ENTRIES PROVIDED.
****************************************
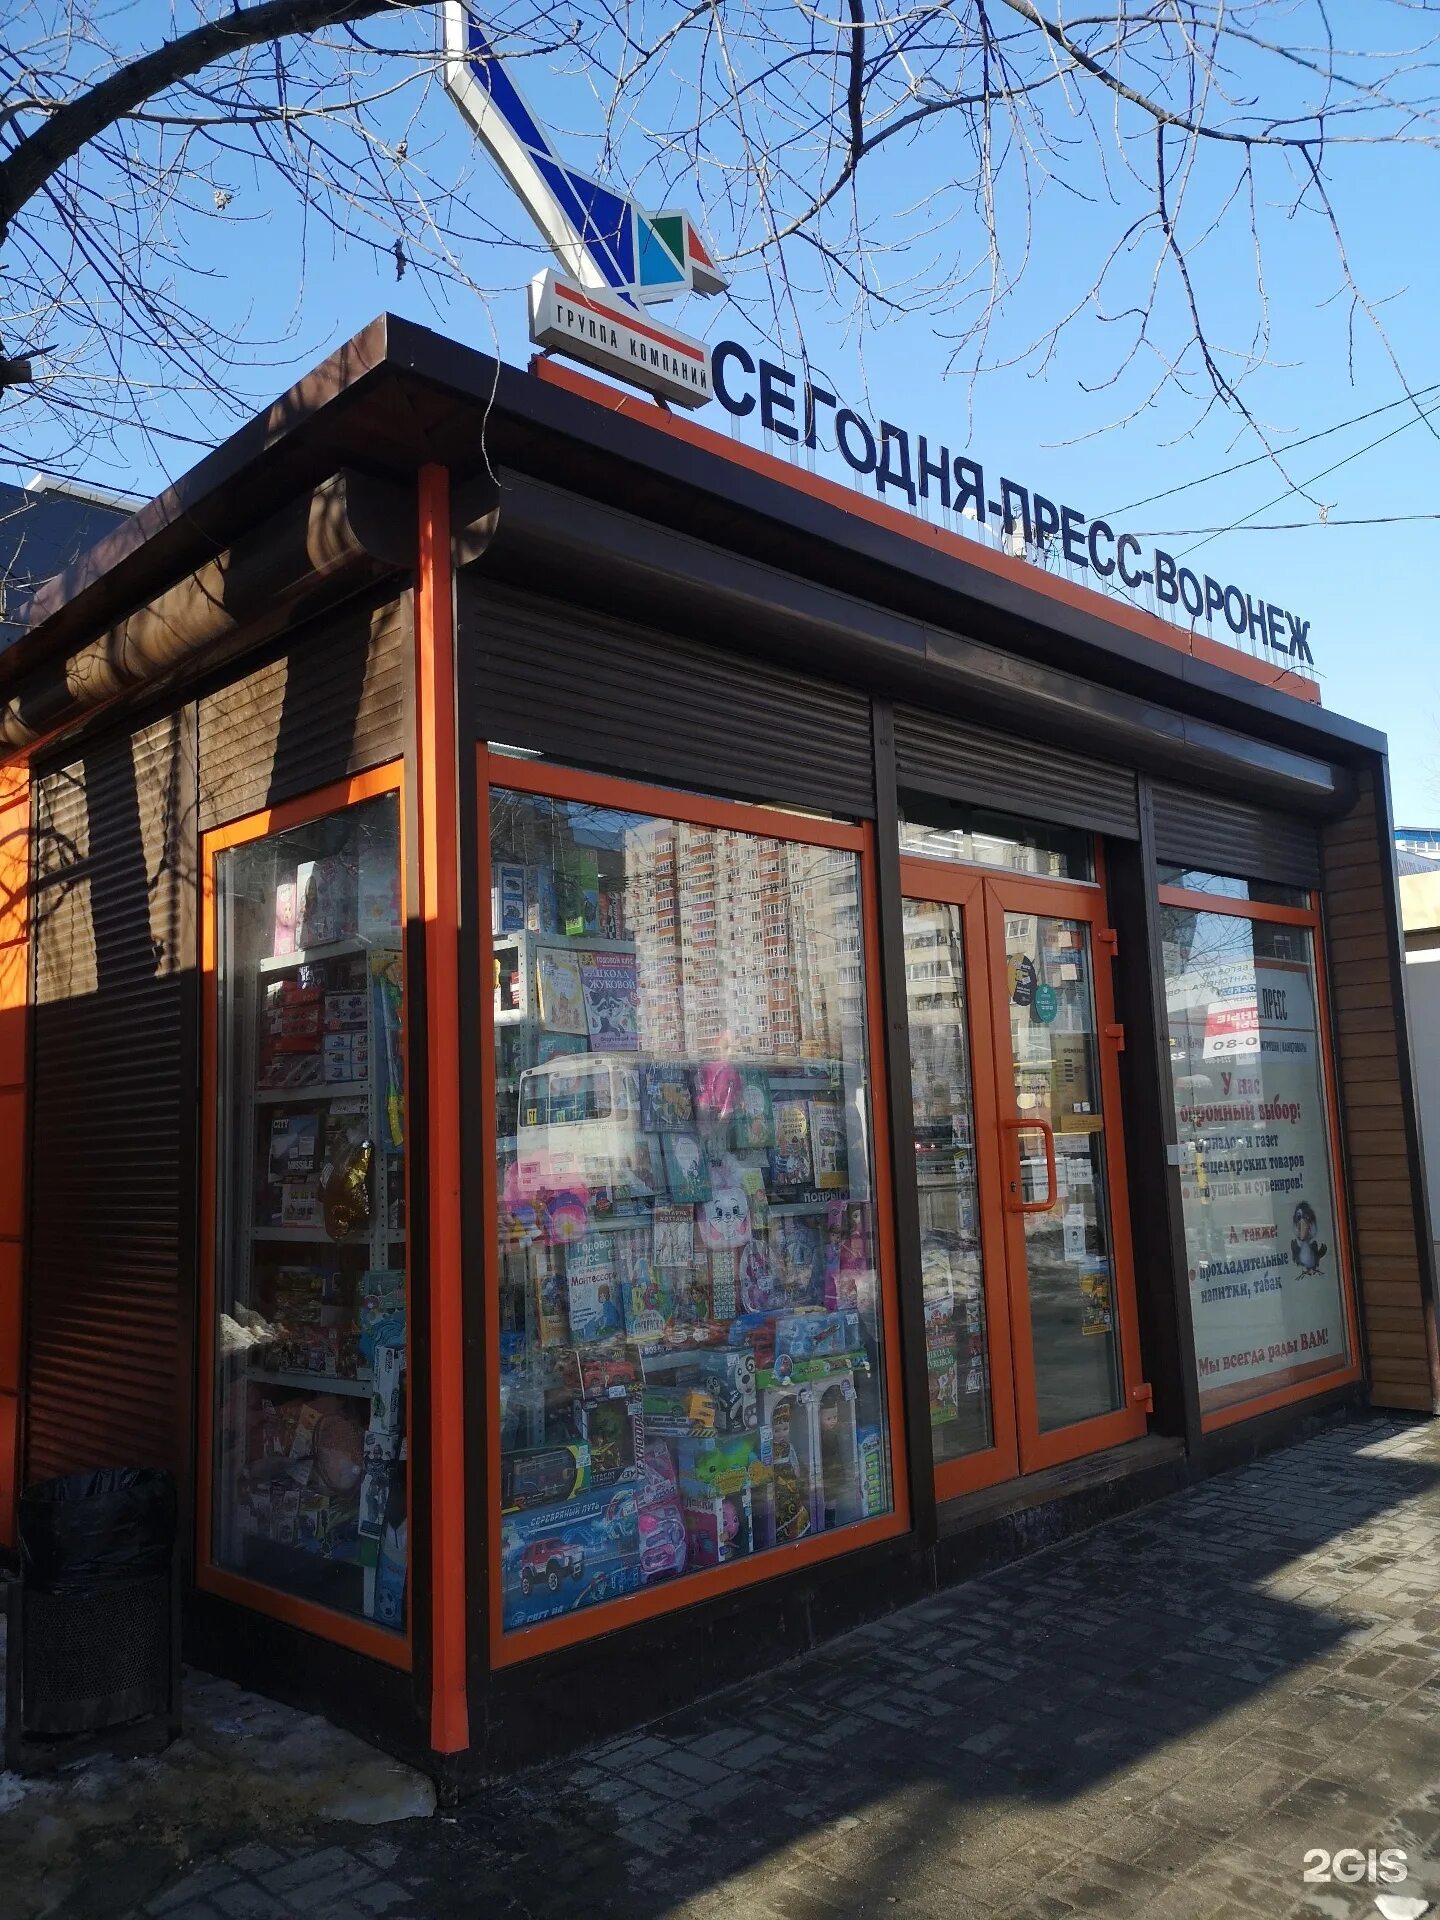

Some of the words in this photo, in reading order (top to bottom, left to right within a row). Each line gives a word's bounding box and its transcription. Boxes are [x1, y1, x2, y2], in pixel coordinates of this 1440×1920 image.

[556, 303, 619, 350] ГРУППА
[629, 338, 708, 391] КОМПАНИЙ
[589, 978, 636, 990] ЖУКОВОЙ
[594, 969, 630, 980] ШКОЛА
[1221, 1071, 1233, 1096] У
[1236, 1078, 1260, 1096] нас
[272, 1118, 290, 1129] CITY
[1255, 1133, 1280, 1149] газет
[287, 1159, 315, 1171] MISSILE
[1268, 1153, 1305, 1174] товаров
[1254, 1172, 1304, 1198] сувениров!
[1229, 1229, 1239, 1245] А
[1199, 1251, 1290, 1281] прохладительные
[570, 1272, 618, 1287] Монтессори
[1200, 1281, 1252, 1304] напитки,
[1253, 1271, 1283, 1295] табак
[1198, 1357, 1221, 1377] Мы
[1222, 1347, 1266, 1371] всегда
[1267, 1338, 1299, 1367] рады
[1300, 1326, 1330, 1352] ВАМ!
[530, 1507, 581, 1527] СЕРЕБРЯНЫЙ
[581, 1501, 601, 1514] ПУТЬ
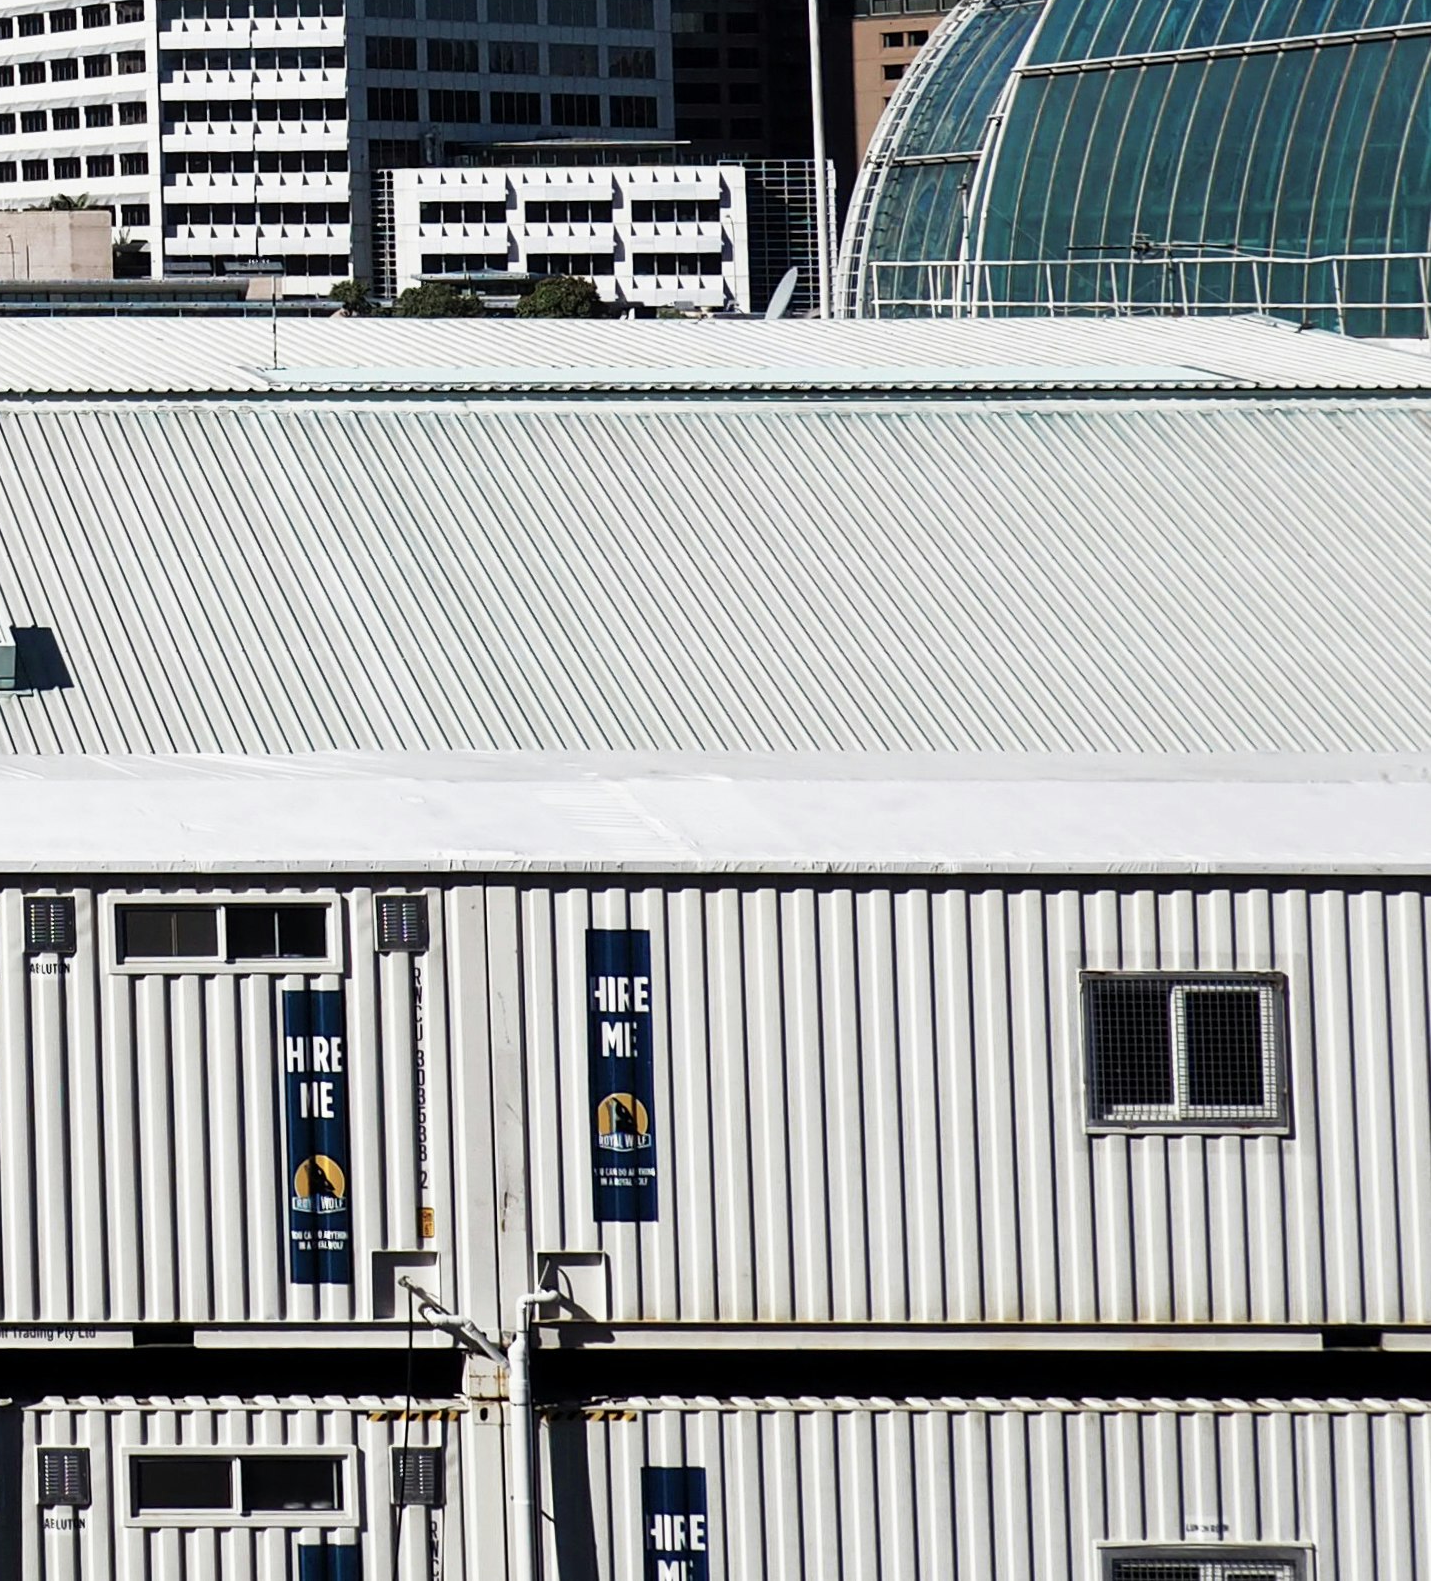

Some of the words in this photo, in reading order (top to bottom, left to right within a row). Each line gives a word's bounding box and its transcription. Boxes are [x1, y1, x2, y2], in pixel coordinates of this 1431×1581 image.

[590, 976, 650, 1013] HIRE
[12, 1327, 53, 1341] Trading
[57, 1327, 74, 1340] Pty
[78, 1327, 96, 1338] Ltd
[646, 1514, 706, 1551] HIRE
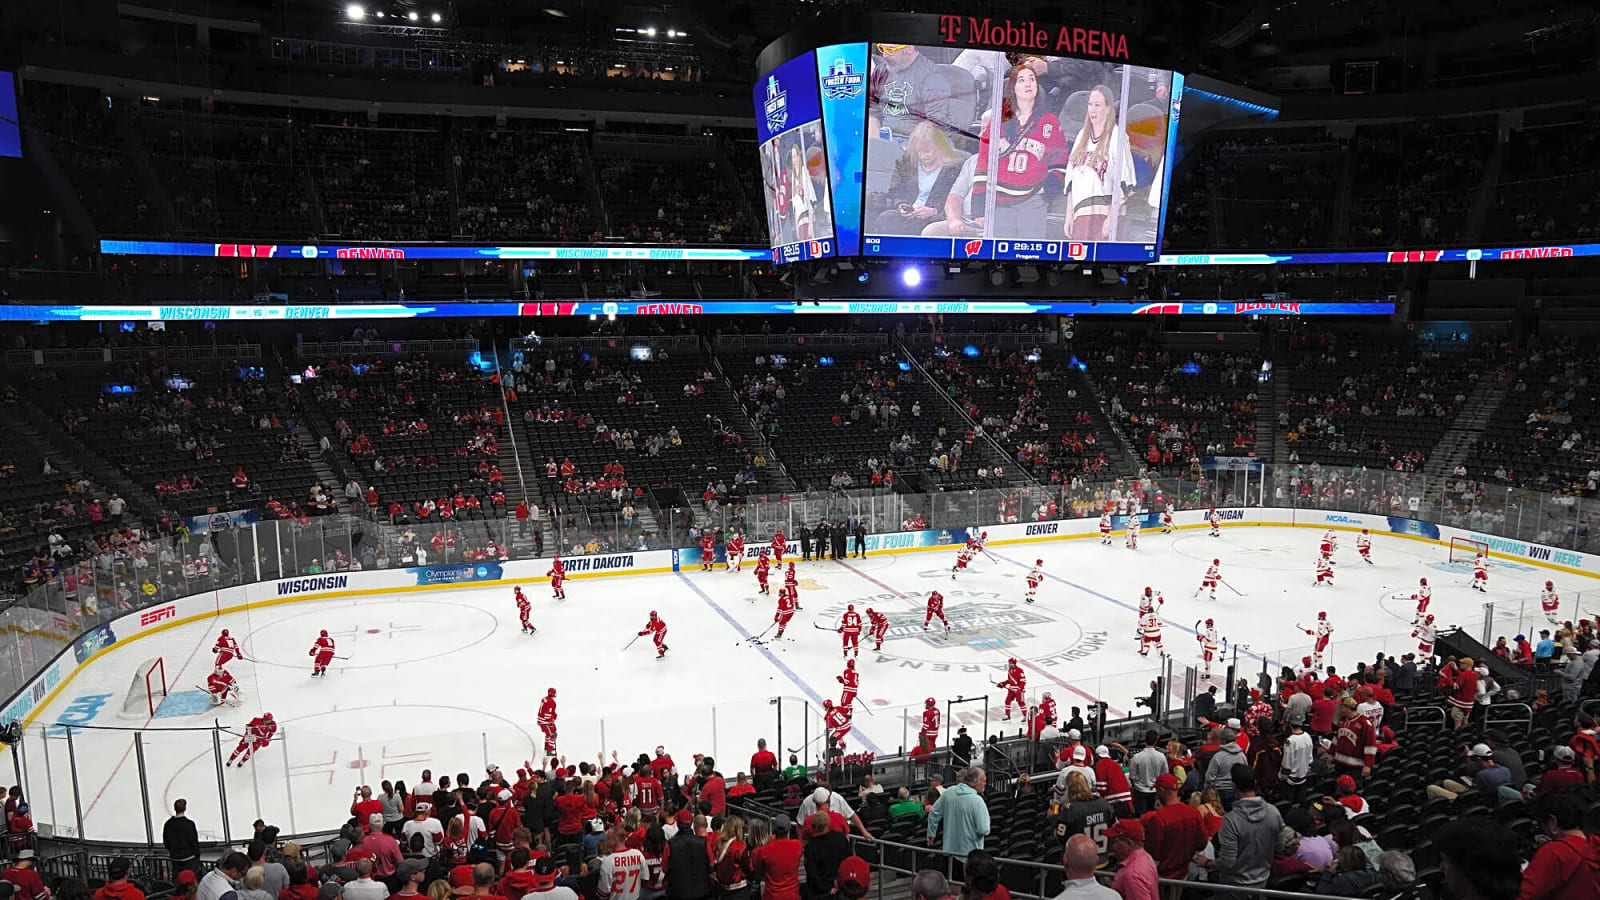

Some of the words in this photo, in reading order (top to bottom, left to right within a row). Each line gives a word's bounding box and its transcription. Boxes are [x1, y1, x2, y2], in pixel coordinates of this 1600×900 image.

[968, 17, 1048, 49] Mobile
[1056, 26, 1129, 60] ARENA
[1043, 124, 1053, 138] C
[1008, 152, 1028, 174] 10
[556, 249, 608, 259] WISCONSIN
[649, 249, 683, 259] DENVER
[822, 241, 830, 254] 0
[998, 242, 1009, 253] 0
[1014, 243, 1042, 251] 29:15
[1047, 243, 1057, 254] 0
[1177, 255, 1210, 265] DENVER
[160, 306, 231, 320] WISCONSIN
[285, 306, 329, 319] DENVER
[848, 303, 898, 313] WISCONSIN
[936, 303, 969, 313] DENVER
[1026, 523, 1058, 536] DENVER
[882, 533, 914, 549] FOUR
[562, 558, 590, 572] ORTH
[593, 555, 634, 570] DAKOTA
[1528, 545, 1551, 561] WIN
[1553, 551, 1584, 568] HERE
[277, 575, 348, 595] WISCONSIN
[141, 605, 176, 627] ESPN
[847, 616, 857, 627] 94
[33, 678, 46, 704] WIN
[832, 711, 846, 725] 19
[641, 789, 653, 804] 11
[1086, 812, 1104, 825] SMITH
[614, 855, 642, 867] BRINK
[611, 868, 641, 894] 27
****************************************
THE TASK.
Restate it all word for word: every record, no pictures.

PROBLEM SOLUTION.
Some of the words in this photo, in reading order (top to bottom, left to right within a row). Each line gives a word's bounding box and its transcription. Boxes are [x1, y1, x2, y2], in pixel coordinates of this 1440×1920 image.

[556, 303, 619, 350] ГРУППА
[629, 338, 708, 391] КОМПАНИЙ
[589, 978, 636, 990] ЖУКОВОЙ
[594, 969, 630, 980] ШКОЛА
[1221, 1071, 1233, 1096] У
[1236, 1078, 1260, 1096] нас
[272, 1118, 290, 1129] CITY
[1255, 1133, 1280, 1149] газет
[287, 1159, 315, 1171] MISSILE
[1268, 1153, 1305, 1174] товаров
[1254, 1172, 1304, 1198] сувениров!
[1229, 1229, 1239, 1245] А
[1199, 1251, 1290, 1281] прохладительные
[570, 1272, 618, 1287] Монтессори
[1200, 1281, 1252, 1304] напитки,
[1253, 1271, 1283, 1295] табак
[1198, 1357, 1221, 1377] Мы
[1222, 1347, 1266, 1371] всегда
[1267, 1338, 1299, 1367] рады
[1300, 1326, 1330, 1352] ВАМ!
[530, 1507, 581, 1527] СЕРЕБРЯНЫЙ
[581, 1501, 601, 1514] ПУТЬ

Some of the words in this photo, in reading order (top to bottom, left to right within a row). Each line gives a word's bounding box and its transcription. Boxes are [x1, y1, x2, y2], in pixel coordinates of this 1431×1581 image.

[590, 976, 650, 1013] HIRE
[12, 1327, 53, 1341] Trading
[57, 1327, 74, 1340] Pty
[78, 1327, 96, 1338] Ltd
[646, 1514, 706, 1551] HIRE

Some of the words in this photo, in reading order (top to bottom, left to right within a row). Each line gives a word's bounding box and its transcription. Boxes are [x1, y1, x2, y2], in pixel coordinates of this 1600×900 image.

[968, 17, 1048, 49] Mobile
[1056, 26, 1129, 60] ARENA
[1043, 124, 1053, 138] C
[1008, 152, 1028, 174] 10
[556, 249, 608, 259] WISCONSIN
[649, 249, 683, 259] DENVER
[822, 241, 830, 254] 0
[998, 242, 1009, 253] 0
[1014, 243, 1042, 251] 29:15
[1047, 243, 1057, 254] 0
[1177, 255, 1210, 265] DENVER
[160, 306, 231, 320] WISCONSIN
[285, 306, 329, 319] DENVER
[848, 303, 898, 313] WISCONSIN
[936, 303, 969, 313] DENVER
[1026, 523, 1058, 536] DENVER
[882, 533, 914, 549] FOUR
[562, 558, 590, 572] ORTH
[593, 555, 634, 570] DAKOTA
[1528, 545, 1551, 561] WIN
[1553, 551, 1584, 568] HERE
[277, 575, 348, 595] WISCONSIN
[141, 605, 176, 627] ESPN
[847, 616, 857, 627] 94
[33, 678, 46, 704] WIN
[832, 711, 846, 725] 19
[641, 789, 653, 804] 11
[1086, 812, 1104, 825] SMITH
[614, 855, 642, 867] BRINK
[611, 868, 641, 894] 27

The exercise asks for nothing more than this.